After a few steps, she shrugged. “I didn’t like it.”

“It was worse than Egghart?”

She pursed her lips, then banked a shoulder into him, knocking him off course. The gesture felt to him as intimate as those kisses the other night, made him feel almost as light.

They were almost to the door of the Neural Science Building.

“So what is it with you and Bush, anyway?” Fred asked. “I mean, aside from what it is with everyone and Bush?”

“I don’t know.” Mira slid her hands into her pockets. “I did meet him, though.”

“You did?”

“There were a lot of functions we widows got invited to. I mostly hung out in the bathrooms. I was looking for one when Lionel’s boss’s widow took me over and introduced me.”

“What did you say?”

“Me? Nothing. ‘Pleased to meet you.’ Something stupid like that. What do you say to a president?”

“And what did
he
say?”

She turned to face him, her black-lined eyes more narrowed than usual, her lips in a leer. “
We’re gonna git ’em for ya.
” Then she winked.

“Really?” Fred laughed. “He winked?”

Mira was walking again. “I don’t know. It could have been a blink. He’s so squinty.”

She was squinting as she said it, not Bush-like, but Mira-like. Fred let the comparison go unmade. “So what did you say to that?”

“I said, ‘Thank you, Mr. President.’” With deliberation, but without force, she kicked a paper coffee cup to the curb. “And I meant it.”

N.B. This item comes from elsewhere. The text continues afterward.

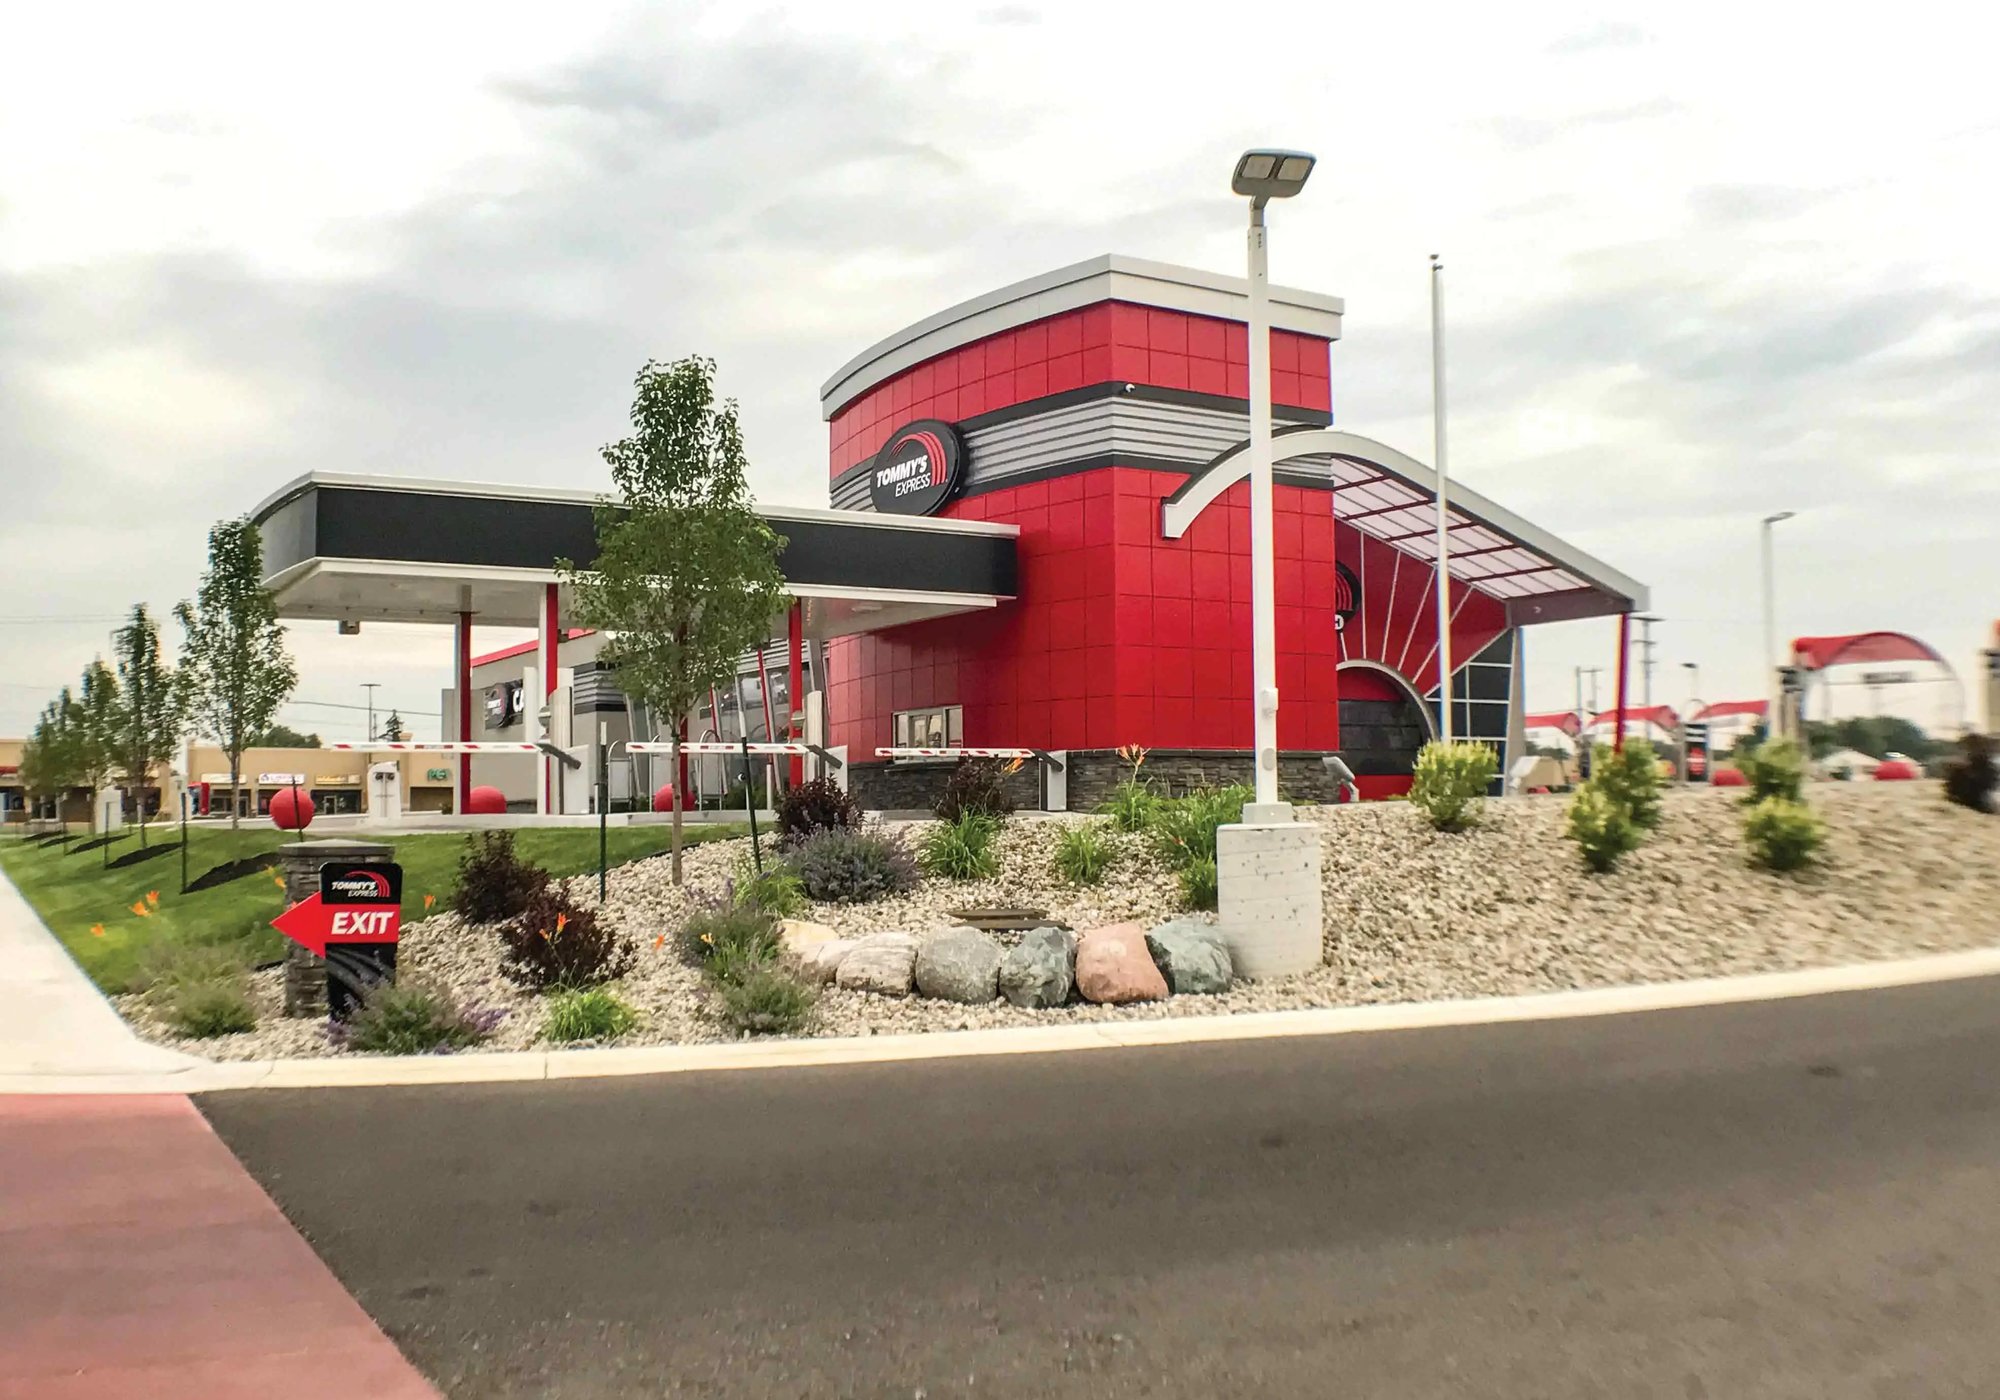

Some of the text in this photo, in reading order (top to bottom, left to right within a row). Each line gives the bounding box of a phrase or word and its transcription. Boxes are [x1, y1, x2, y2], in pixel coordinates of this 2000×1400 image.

They stopped at the entrance.

“So that was it?” he asked.

“That was it.” She smiled. “The emperor of the world went on gladhanding. I finally found that bathroom, and threw up in a toilet.”

Mira led the
way in, presenting her ID to the droop-faced security guard, who, in the manner of all security guards these days, eyed Fred with suspicion. In the elevator, Fred watched her watch the numbered lights change, wondering if there was any combination of words and actions which might result in the two of them kissing before the doors slid open.

The doors slid open.

She unlocked the office suite, switching on lights as she led him down the narrow corridor. At the doorway to the little control room, Fred stopped.

“Can I have a peek behind the wizard’s curtain?” he asked.

“Very well.” She ushered him in ahead of her. He sat down in her father’s chair, she sat in hers, peeling off her jacket. Through the window in front of them, the recliner’s black vinyl and the helmet’s sparkly finish shone in the dim light coming through from their side.

“So why haven’t you ever tried it?” Fred asked.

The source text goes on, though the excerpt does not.